- Nesta sexta-feira, 12 de junho, o Dia dos Namorados deve movimentar o país, mas exige atenção à saúde.
- A tadalafila, genérico conhecido como “tadala”, é amplamente vendida no Brasil para disfunção erétil e costuma ser indicada a partir dos 40 anos.
- A Agência Nacional de Vigilância Sanitária (Anvisa) alerta que uso recreativo pode provocar infarto, AVC, hipotensão, perda de visão ou audição e dependência psicológica.
- Um estudo da University of British Columbia aponta aumento de oitenta e cinco por cento no risco de doenças graves na retina ou no nervo óptico entre usuários regulares.
- O uso com álcool pode ter efeito paradoxal, reduzindo energia e alterando a resposta dopaminérgica durante a celebração.
O Dia dos Namorados deve movimentar o comércio e os encontros pelo Brasil nesta sexta-feira, 12 de junho. Em meio à celebração, especialistas alertam para riscos do uso de medicamentos para disfunção erétil sem indicação médica. A tadalafila, conhecida como tadala, figura entre os genéricos mais vendidos no país em 2024.

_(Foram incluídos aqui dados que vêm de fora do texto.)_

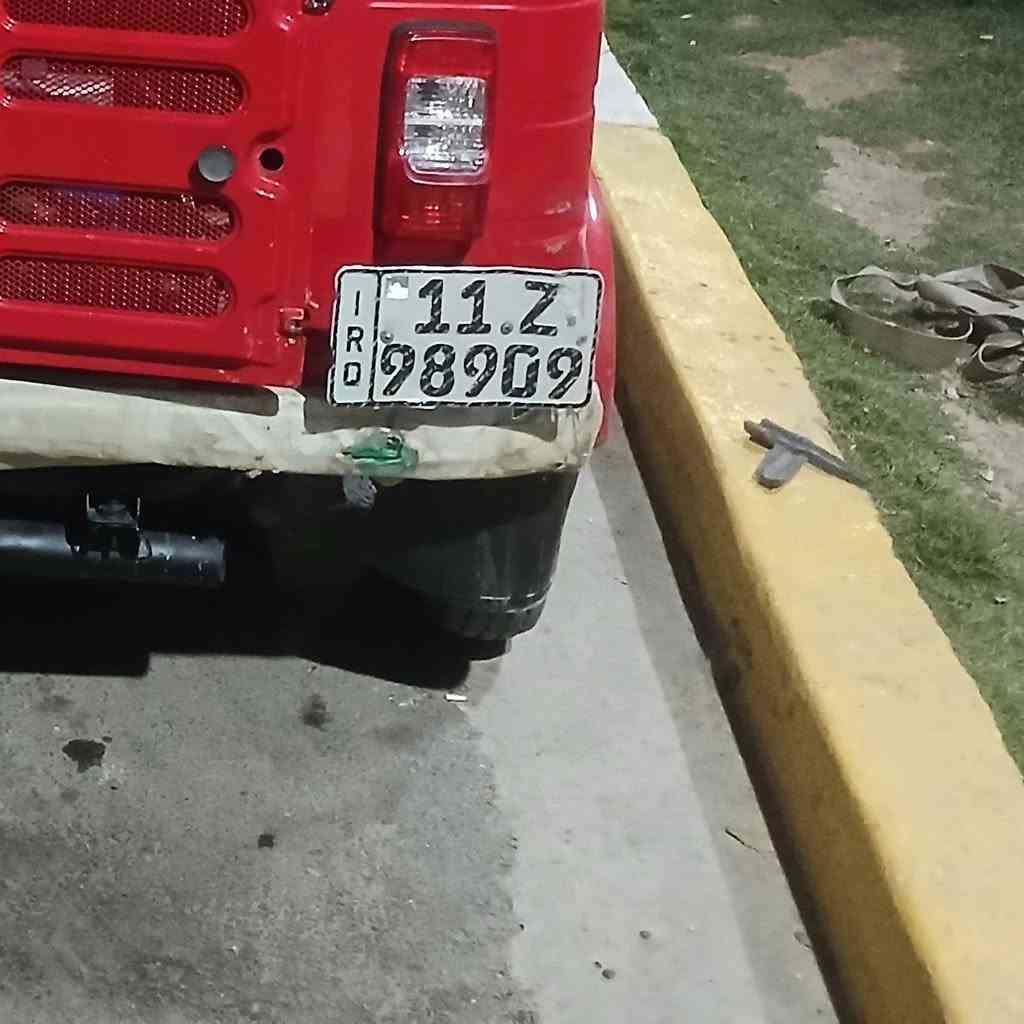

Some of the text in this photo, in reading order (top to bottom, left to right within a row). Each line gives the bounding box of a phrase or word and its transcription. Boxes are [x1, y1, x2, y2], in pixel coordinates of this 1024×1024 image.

[414, 278, 563, 337] 11 Z
[380, 343, 583, 400] 98909
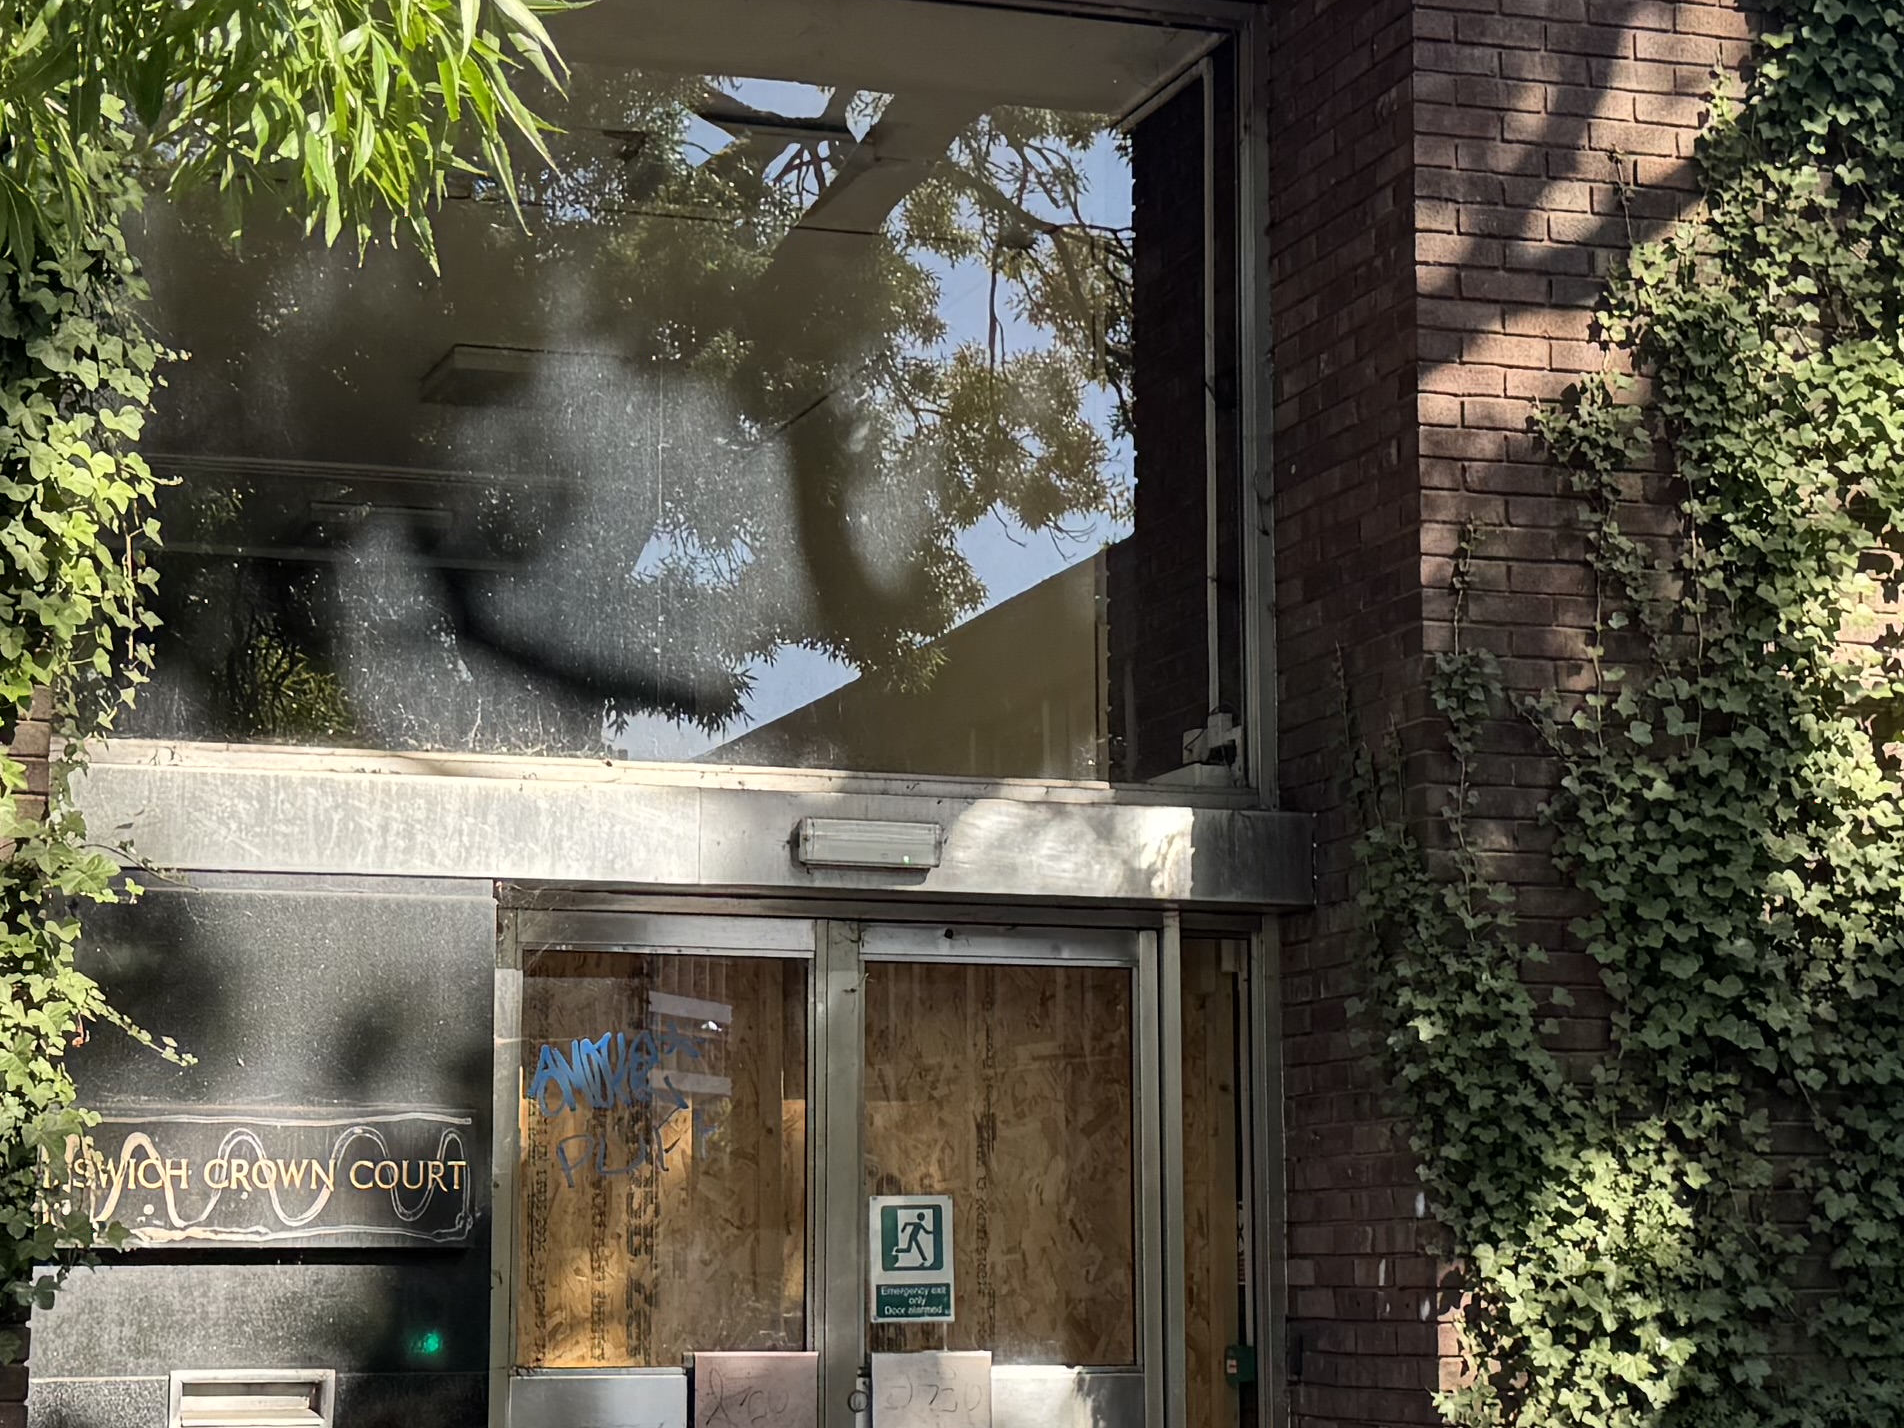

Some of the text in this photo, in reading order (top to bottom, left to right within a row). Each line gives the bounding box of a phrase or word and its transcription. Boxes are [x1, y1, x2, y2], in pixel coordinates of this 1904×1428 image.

[203, 1158, 335, 1192] CROWN
[349, 1159, 467, 1192] COURT
[881, 1286, 947, 1297] Emergency exit
[908, 1296, 927, 1306] only
[884, 1305, 943, 1316] Door alarmed

A droga é indicada para tratar disfunção erétil em homens a partir dos 40 anos, mas vem sendo consumida por jovens sem diagnóstico. Profissionais de saúde destacam que o remédio funciona, em muitos casos, como estímulo psicológico, sem benefício real para quem não tem problema fisiológico.
Riscos à saúde
A Anvisa alerta para efeitos graves quando a tadalafila é usada de forma recreativa ou estética. Entre eles estão infarto, AVC, hipotensão, além de possíveis perda de visão ou audição. Também há preocupação com dependência psicológica associada ao uso indevido.

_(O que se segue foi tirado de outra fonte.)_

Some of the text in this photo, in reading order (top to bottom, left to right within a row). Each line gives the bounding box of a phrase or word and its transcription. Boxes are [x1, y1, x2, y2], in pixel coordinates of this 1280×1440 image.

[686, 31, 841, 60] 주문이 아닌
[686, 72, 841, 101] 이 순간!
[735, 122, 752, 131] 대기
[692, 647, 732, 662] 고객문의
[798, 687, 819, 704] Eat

Estudos indicam que o uso regular pode aumentar o risco de complicações oculares. Dados da University of British Columbia apontam elevação de até 85% na probabilidade de desenvolver condições graves na retina ou no nervo óptico entre usuários frequentes.
Combinações e impactos
A prática de misturar tadalafila com bebidas alcoólicas pode, segundo especialistas, reduzir a atividade dopaminérgica e comprometer a energia durante atividades festivas. A orientação é buscar avaliação médica e seguir a posologia indicada, evitando automedicação.